Background: We have evaluated the immediate and intermediate outcome after off-pump (OPCAB) and conventional on-pump coronary artery bypass surgery (CCAB) in patients with unstable angina pectoris requiring nitrates infusion until arrival in the operating room.
Methods: A consecutive series of 153 and 161 patients with unrelenting angina pectoris underwent CCAB and OPCAB, respectively. Conversion from OPCAB to beating heart surgery with perfusion occurred in 4 patients.
Results: The OPCAB patients had a significantly higher operative risk than CCAB patients (logistic European System for Cardiac Operative Risk Evaluation [EuroSCORE]: 13.8 ± 12.8% vs 10.5 ± 10.0%, p = 0.005). In the overall series, a lower 30-day postoperative mortality was observed among OPCAB patients (1.9% vs 3.9%, p = 0.33), the difference increased along the logistic EuroSCORE tertiles (upper tertile: 3.2% vs 9.5%, p = 0.14), but failed to reach statistical significance.
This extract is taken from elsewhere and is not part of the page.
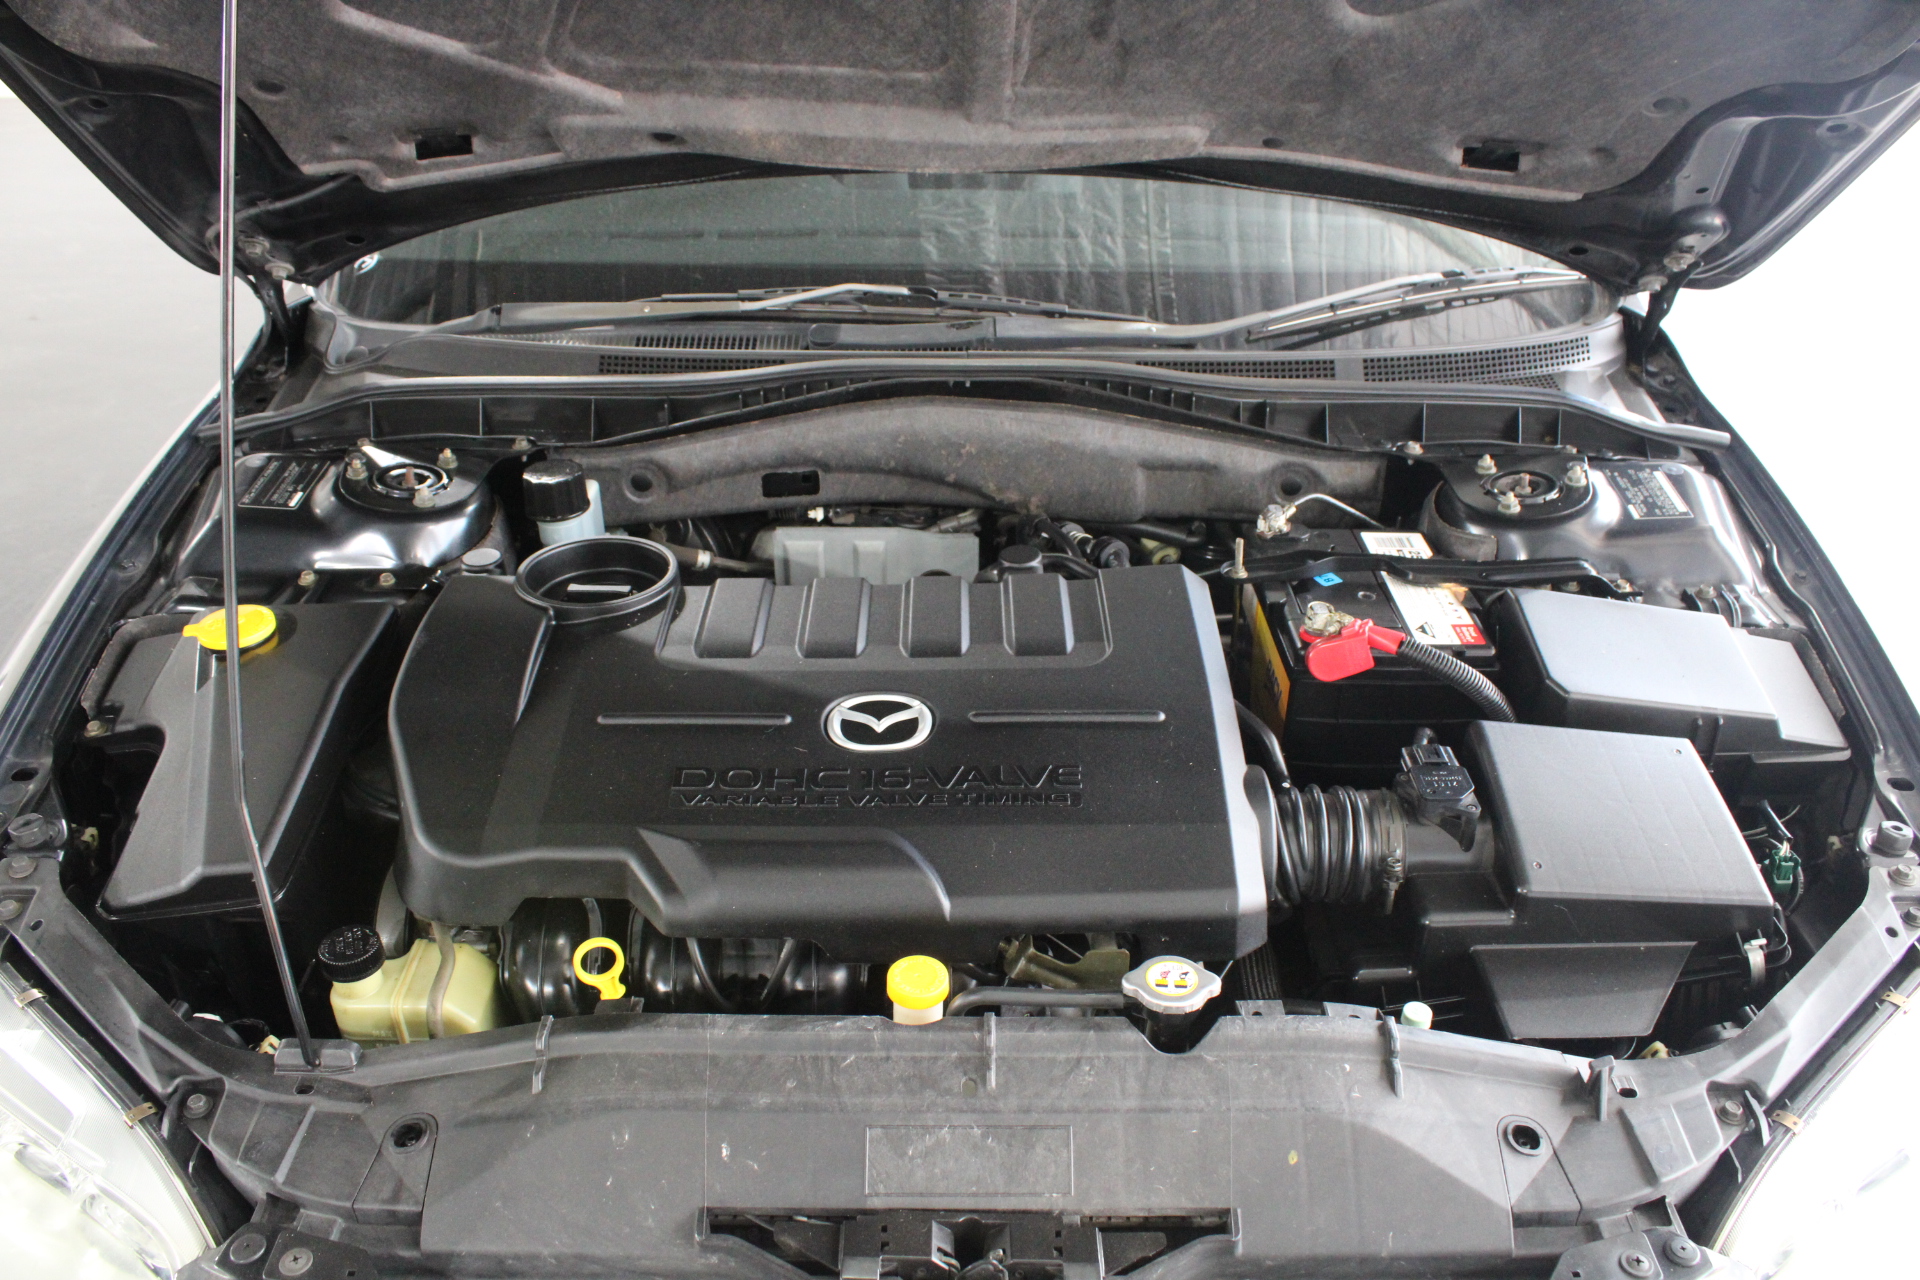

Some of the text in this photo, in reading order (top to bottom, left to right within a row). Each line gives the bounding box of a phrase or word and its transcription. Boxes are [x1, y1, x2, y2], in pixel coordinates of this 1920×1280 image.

[671, 765, 1083, 791] DOHC 16-VALVE
[680, 793, 1072, 807] VARIABLE VALVE TIMING
Similar results have been observed among one-to-one propensity score matched pairs. The results of three surgeons who treated most of their patients (96.9%) with OPCAB were compared with those of three surgeons who used, in most of cases (97.1%), the CCAB technique. When adjusted for logistic EuroSCORE, patients operated on by CCAB surgeons had a significantly higher 30-day postoperative mortality (7.1% vs 2.1%, p = 0.04; odds ratio [OR] 10.143; 95% confidence interval [CI] 1.084 to 94.945) as well as a higher risk of combined adverse events (47.1% vs. 35.1%, p = 0.009; OR 2.586; 95% CI 1.274 to 5.250).
Conclusions: This study provided further evidence on the safety and efficacy of OPCAB in the treatment of high-risk patients. A dedicated approach to OPCAB seems to provide particularly good results. Such findings further support a more confident approach with OPCAB in these patients.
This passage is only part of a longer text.